■ ACTION ITEM
Each entry below should appear again exactly as written, without pictures.

####################

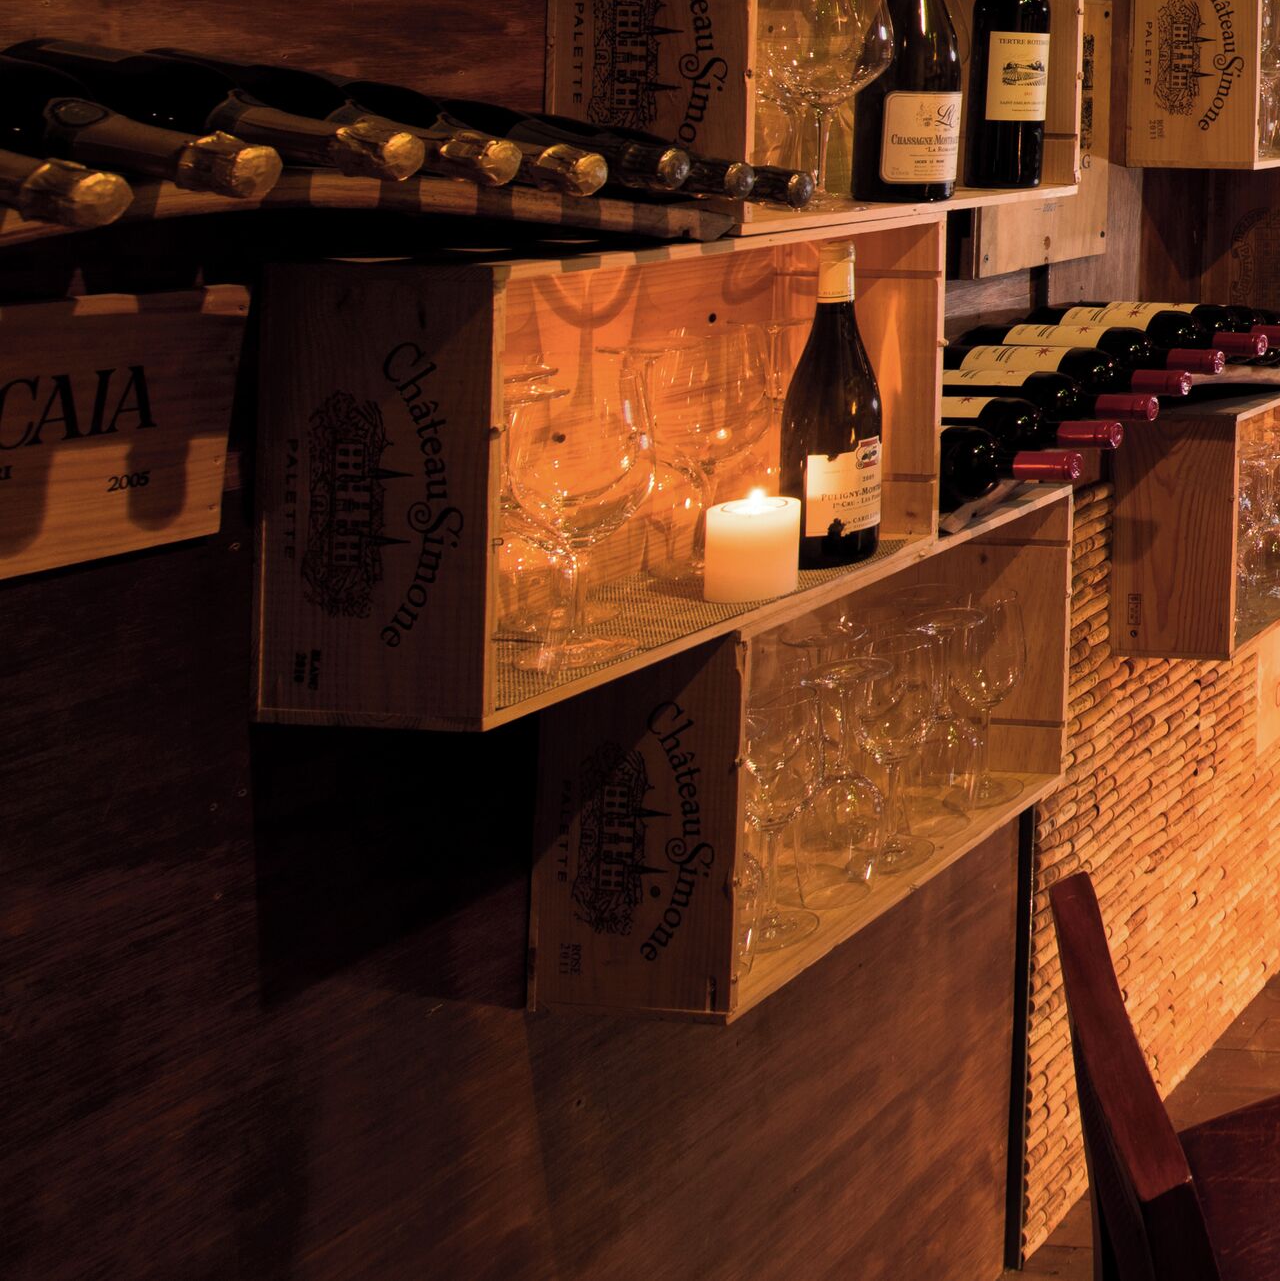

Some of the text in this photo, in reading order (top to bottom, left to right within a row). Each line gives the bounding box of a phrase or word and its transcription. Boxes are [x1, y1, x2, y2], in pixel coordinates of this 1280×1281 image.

[572, 2, 584, 105] PALETTE
[677, 52, 731, 146] Simo
[1145, 21, 1154, 87] PALETTE
[1198, 53, 1246, 132] Simone
[107, 470, 151, 493] 2005
[284, 438, 299, 561] PALETTE
[381, 341, 465, 650] Château Simone
[560, 779, 572, 884] PALETTE
[640, 701, 716, 964] Château Simone

####################

■ EXERCISE ANSWER
Some of the text in this photo, in reading order (top to bottom, left to right within a row). Each line gives the bounding box of a phrase or word and its transcription. Boxes are [x1, y1, x2, y2], in pixel coordinates of this 1280×1281 image.

[572, 2, 584, 105] PALETTE
[677, 52, 731, 146] Simo
[1145, 21, 1154, 87] PALETTE
[1198, 53, 1246, 132] Simone
[107, 470, 151, 493] 2005
[284, 438, 299, 561] PALETTE
[381, 341, 465, 650] Château Simone
[560, 779, 572, 884] PALETTE
[640, 701, 716, 964] Château Simone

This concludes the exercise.